Data-based: Using AIC • AIC is unbiased estimator of the theoretical distance of a model to an unknown true mechanism (that actually generated the data)
Data-based: Using AIC • AIC is unbiased estimator of the theoretical distance of a model to an unknown true mechanism (that actually generated the data) • How is this so??? • If you are really curious…
Data-based: Using AIC • Useful for selecting best model out of candidate model set (not great if all are poor) • The size of 1 AIC value is not important but rather relative size to other AIC’s • Models need not be nested but have same sample size (Burnham & Anderson, 2002)

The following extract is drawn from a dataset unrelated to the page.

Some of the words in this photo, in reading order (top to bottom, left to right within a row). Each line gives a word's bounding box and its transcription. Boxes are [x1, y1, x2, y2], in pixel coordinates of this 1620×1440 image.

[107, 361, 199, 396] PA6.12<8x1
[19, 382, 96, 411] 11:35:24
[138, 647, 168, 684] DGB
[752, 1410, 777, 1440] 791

Treatment Effect Approach • Adjust for any and all confounders and effect-modifiers (interactions), regardless of p-values • From theoretical & prior literature • Goal is to get most accurate and precise estimate of treatment effect
Model Building for Treatment Effect Goal • If we don’t include confounders or interactions that were important then that could obscure picture of outcome-exposure relationship
Still will consider Parsimony • If we include many covariates (not confounders or interactions) perhaps some will only add “noise” to model • Noise added could obscure picture of outcome-exposure relationship
Data-based: Prediction goal • When Parsimony matters: find most accurate model that is most parsimonious (smallest # of predictors) • When doesn’t matter: pure accuracy = goal at any cost • Example: Quality control • Plausible but not typical
Best Predictive Model Approach • Adjust for any predictors that non-trivially increase c statistic (trivial is subject specific) • P-values are not considered • Goal is to maximize predictive ability of model • Future prediction is utmost; “Manage what you measure”

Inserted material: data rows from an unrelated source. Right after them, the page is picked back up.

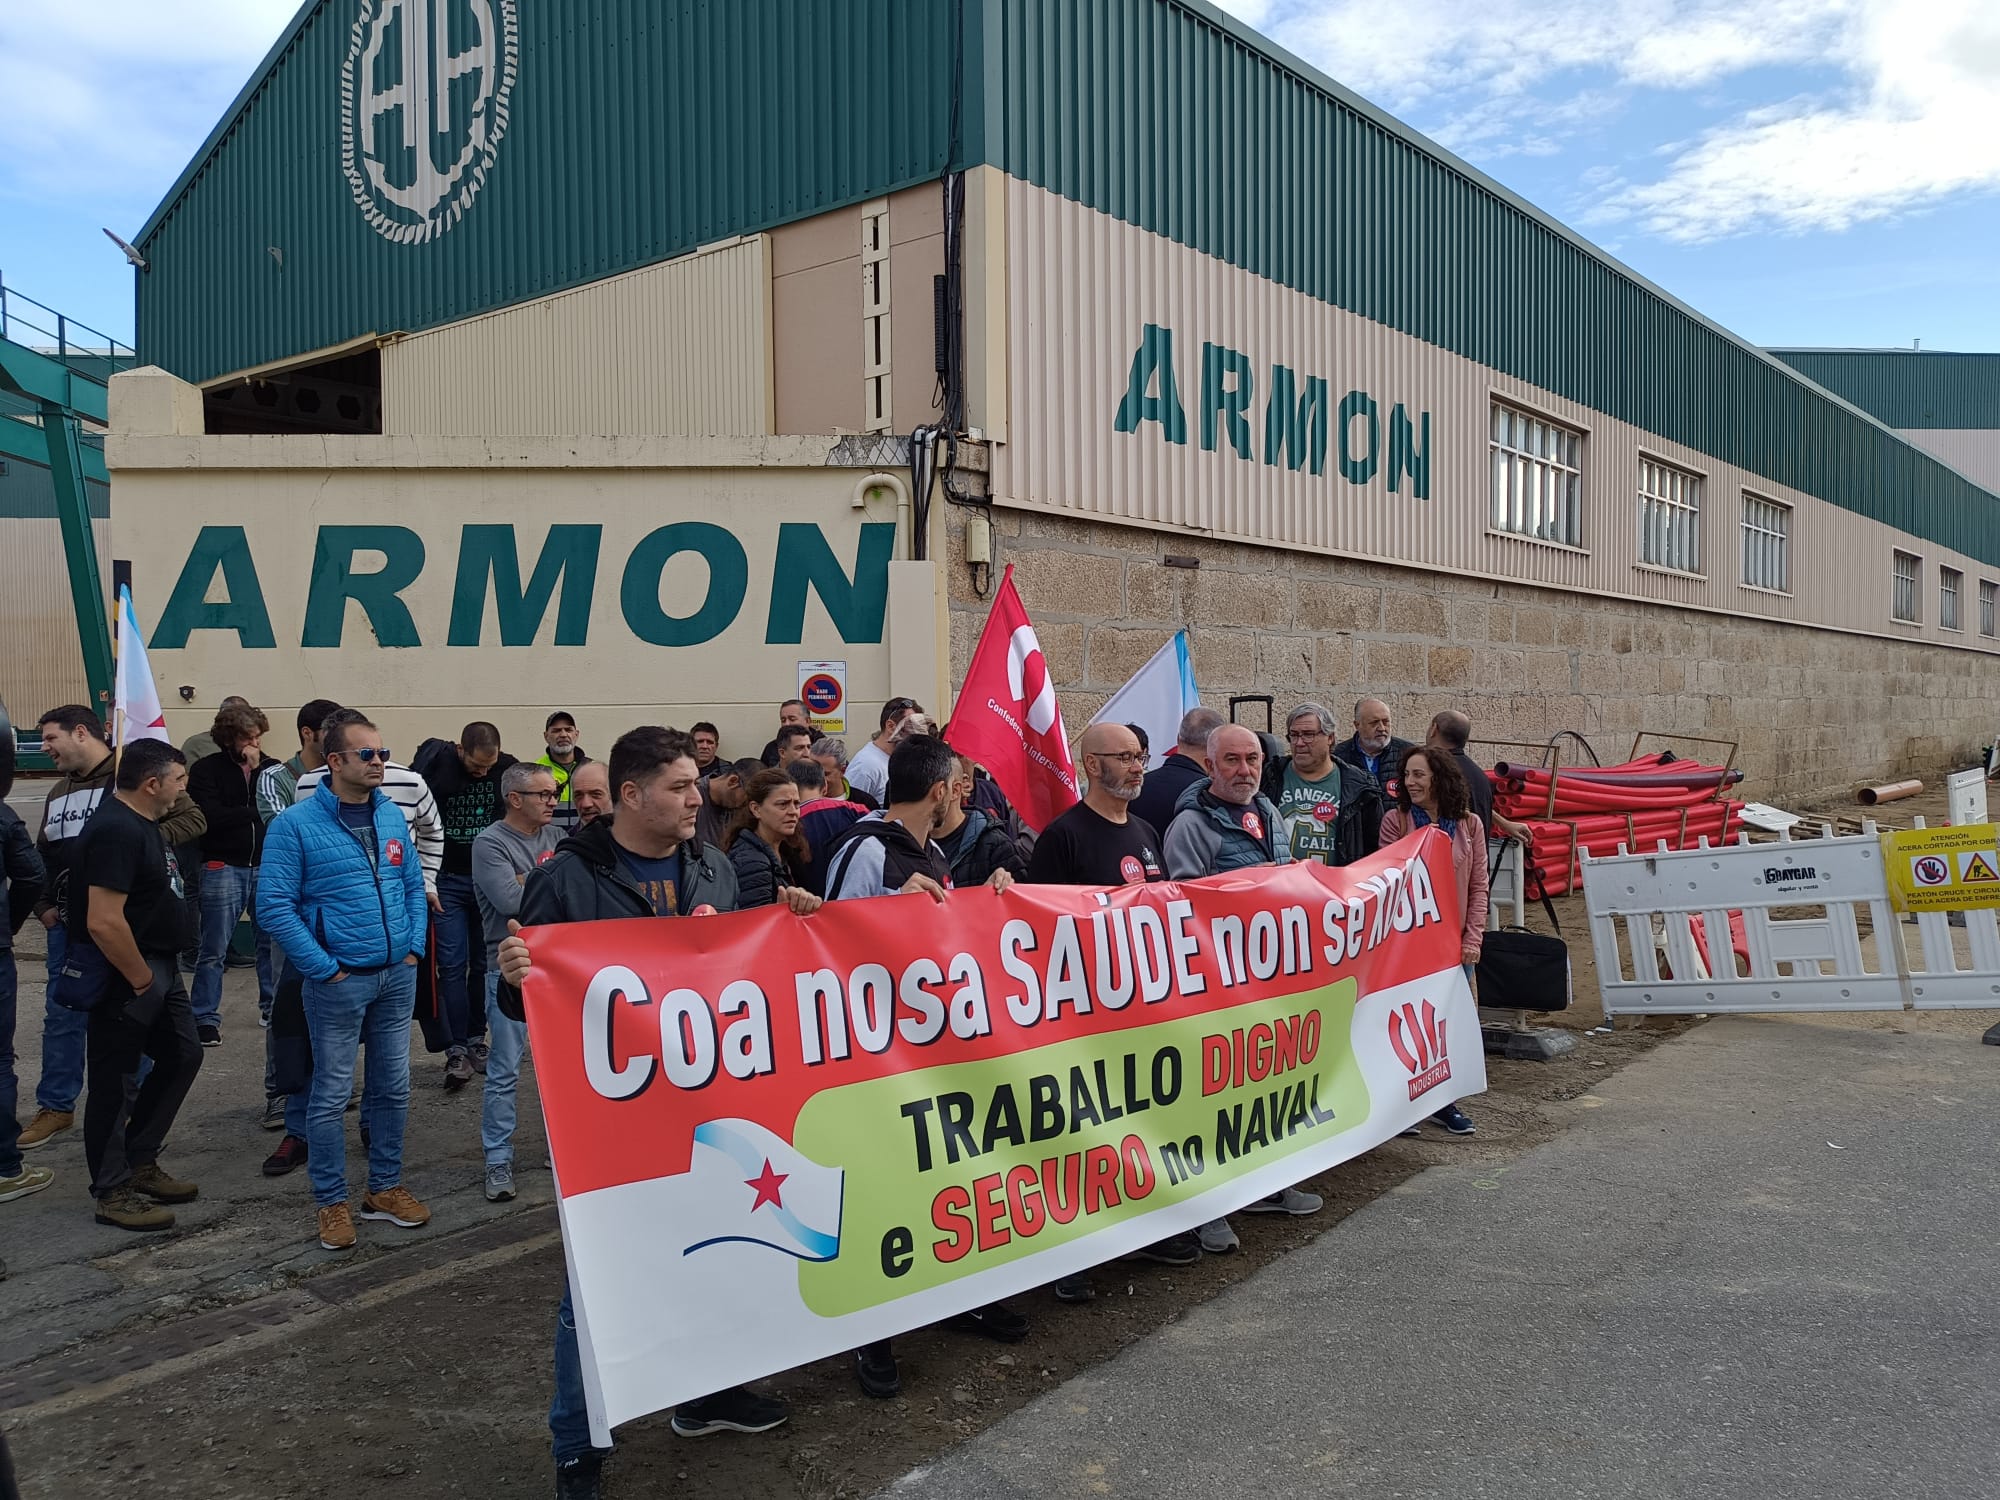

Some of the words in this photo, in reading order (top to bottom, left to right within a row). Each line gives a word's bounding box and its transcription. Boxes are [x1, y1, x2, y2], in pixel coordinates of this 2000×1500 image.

[1114, 323, 1430, 500] ARMON
[148, 521, 897, 649] ARMON
[1906, 891, 1938, 899] PEATÓN
[1938, 889, 1966, 897] CRUCE
[1930, 833, 1969, 842] ATENCIÓN
[582, 965, 777, 1101] Coa
[794, 951, 991, 1066] nosa
[1000, 892, 1206, 1027] SAÚDE
[1211, 903, 1314, 987] non
[1322, 897, 1365, 966] se
[901, 1046, 1182, 1173] TRABALLO
[1202, 1009, 1322, 1097] DIGNO
[1408, 1062, 1449, 1098] INDUSTRIA
[881, 1226, 914, 1279] e
[931, 1134, 1156, 1264] SEGURO
[1159, 1135, 1204, 1186] no
[1215, 1073, 1335, 1165] NAVAL

Book on Model building • Chapters 6, 7 • Basically takes the approach of trying to accurately establish the outcome-exposure relationship
Book recommendations • Multistage strategy: • Determine variables under study from research literature and/or that are clinically or biologically meaningful • Assess interaction prior to confounding • Assess for confounding • Additional considerations for precision
Book recommendations • Use backwards elimination of modeling terms • Retain lower-order terms if higher-orders are significant: • Keep 2 variables if 2-way interaction if significant • Keep lower power terms if highest power is significant
Model building • We will focus on treatment effect goal • Will consider book guidelines
Note about Model Building • Differences between “Best” model and nearest competitors may be small • Ordering among “Very Good” models may not be robust to independent challenges with new data
Note about Model Building • Be careful not to overstate importance of variables included in “Best” model • Remember that “Best” model odds ratios & p-values tend to be biased away from the null • Cross-validation approaches allow estimation of prediction errors associated with variable selection and also provide comparisons between sets of best models
After selecting a model • Want to check modeling fit and diagnostics to ensure adequacy • Could be worried about: • Influential data points • Correlated predictor variables • Leaving out variables or using wrong form • Overall model fit and prediction value
Problems to check for • Convergence problems • Model goodness-of-fit • Functional form (confounding, interaction, higher order for continuous) • Multicollinearity • Outlier effects
Convergence problems • SAS usually converges but sometimes will get a message: “There is possibly a quasicomplete separation in the sample points. The ML estimate may not exist. Validity of the model fit is questionable.”